俺を救ってくれた大好きな人を手に入れるために、俺はあれから物凄く考えた。条件を全て叶えてあげたい。
だから、次には……行かせない。
「ちなみに、初めて結婚を意識した時に俺にも条件がありました」
「えっと……」
桑野さんが状況を理解する前に、俺は早口で話し始める。
「条件①不倫も浮気も出来ないように見張ってくれる人。
条件②俺は幼少期の栄養不足や若い時に無茶苦茶に働いて来たので、長生き出来るか分かりません。だから…長生き出来るように健康にいい料理を俺の為に沢山作ってくれる人」
「……」
今の俺は桑野さんを引き止めようと必死だ。
「条件③俺の過去を受け止めてくれる人。条件④俺を最初で最後の恋人にしてくれる人……。まだまだあります。俺も強欲な男です」
「……」
「……この条件を全て満たせるのは、桑野さんしかいません。そう……思いませんか?」
桑野さんは下を向いてしまい、俺からはその表情は確認出来ない。
「俺は、そう思います。桑野さんは……俺の太陽です」
「っ……」
「ずっと、俺の側にいて下さい。側にいて、俺に光を下さい。俺を暖かく包んで下さい」
「な、なんでそんなキザな台詞が次々と出てくるんですか……」
弾かれたように桑野さんが顔を上げて俺を見つめる。
その顔は真っ赤だ。りんごのように。
聞こえてくる声は……涙声だった。
「思っているから……口に出るんです」
「腹黒大魔王のくせに……」
「それが条件⑤です。俺の本性を知っても好きでいてくれる人」
「……私しか……いないですよ……」
居心地悪そうに、桑野さんはボソボソと答える。
「はい。桑野さんしかいません」
「……状況がよく……分かりません」
「俺を、婿に迎えて下さい」
「――っ」
「桑野結仁、中々良いと思いました」
「……」
やや冗談交じりで言ったつもりが、桑野さんは驚いた表情を浮かべているだけだ。てっきり「ばっちりです」と桑野さんの弾んだ声が聞こえると思っていたが。

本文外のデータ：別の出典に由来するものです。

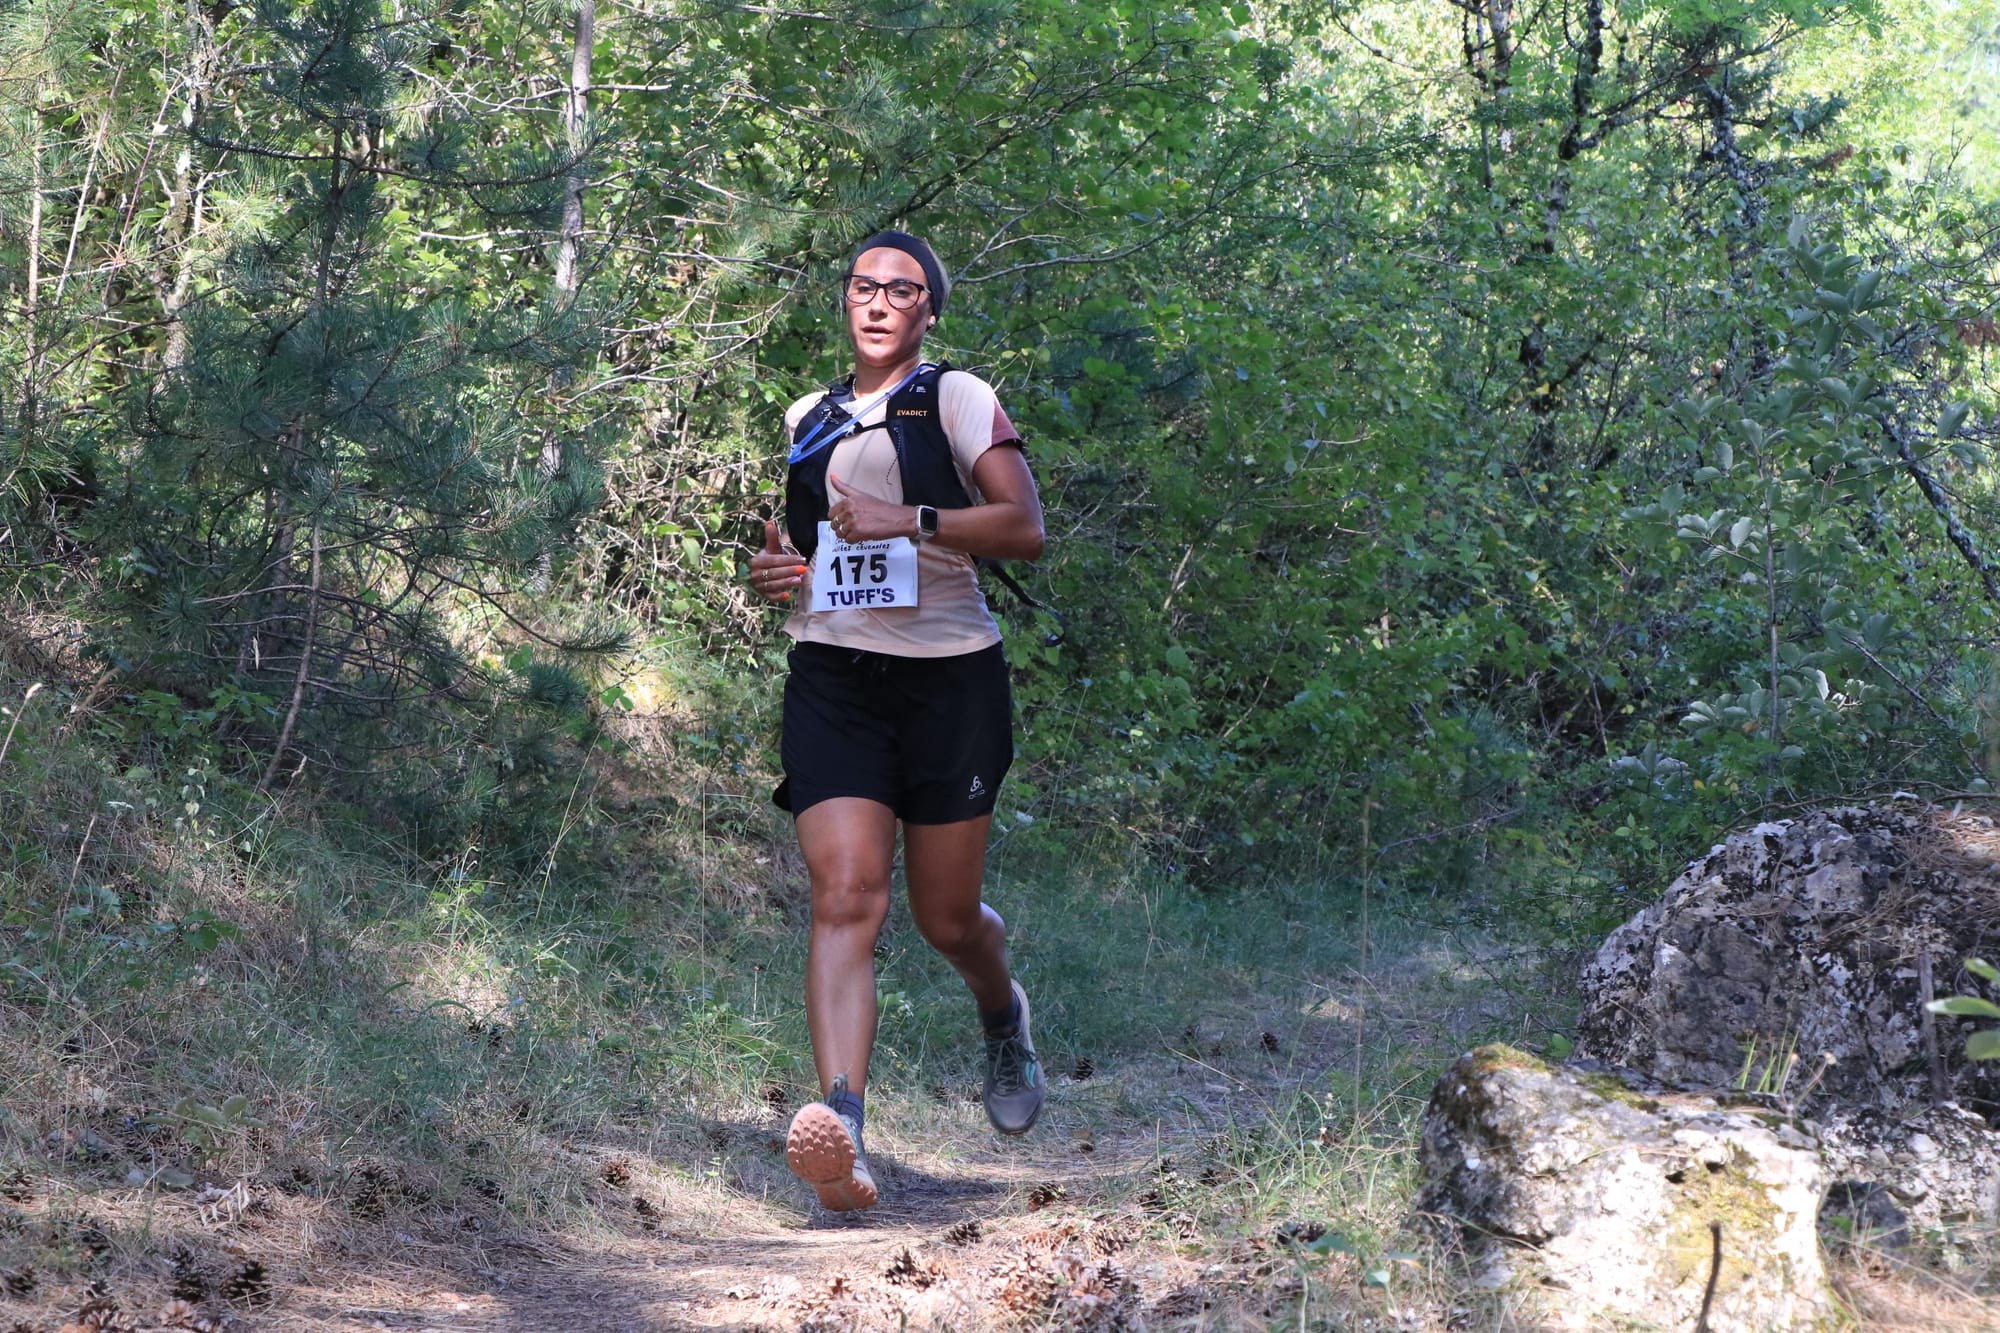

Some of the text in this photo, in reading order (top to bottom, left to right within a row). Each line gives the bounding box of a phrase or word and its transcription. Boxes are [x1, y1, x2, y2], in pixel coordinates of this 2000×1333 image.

[896, 409, 928, 417] EVADICT
[830, 553, 888, 586] 175
[827, 587, 895, 607] TUFF'S

でもその目を見れば分かる。驚きの中に喜びが隠れている。
俺のこれまでが全て役に立った。人の目を見て真意を探る。
……電話ではきっと分からなかった。
「俺の帰る場所を作ってくれませんか?」
「私で……いいんですか?」
「まだ、自分を卑下していますよ」
「あ……」
「桑野さんの所に、帰りたいです」
俺の一番の願いは……これだ。受け入れて欲しい。
「いいですよ」
「俺は桑野さんの前でしか泣けません。甘えん坊です。子供っぽいです。桑野さんは大変ですよ」
「いいですよ。三井さんの奥さんも、お母さんも全部私がやってみせます」
「さすがですね」
「女優ですから」
そう言って桑野さんはいたずらっ子のように笑う。
……良かった。
良かった。
本当に、良かった。
「三井さんを一人にはさせません。私と二人で一つです」
「……最高に楽しいでしょうね。毎日が」
「三井さんを満たしてあげますよ」
「それはかなりの対価を支払わなければ……」
いたずらっぽく言い返すと、二人で目を見合わせ、笑った。
桑野さんとだと、俺はいつも笑う事が出来る。
「私を手に入れた三井さんは宇宙一幸せな男ですよ」
「……本当にそうですね」
「そこ……自意識過剰って言って笑うところです」
「本当のことですから」
「……」
「恋愛マニュアル本ですか?」
「! なんで分かったんですか?」
驚く桑野さんが愛しい。その目には涙が溜まっていた。
綺麗だな。桑野さんの涙は。
桑野さんは俺の気持ちを180度変えてくれる。俺に新しい世界を見せてくれる。
また今回も気持ちが変わった。一瞬にして。
涙とは本来、美しいものなんだ。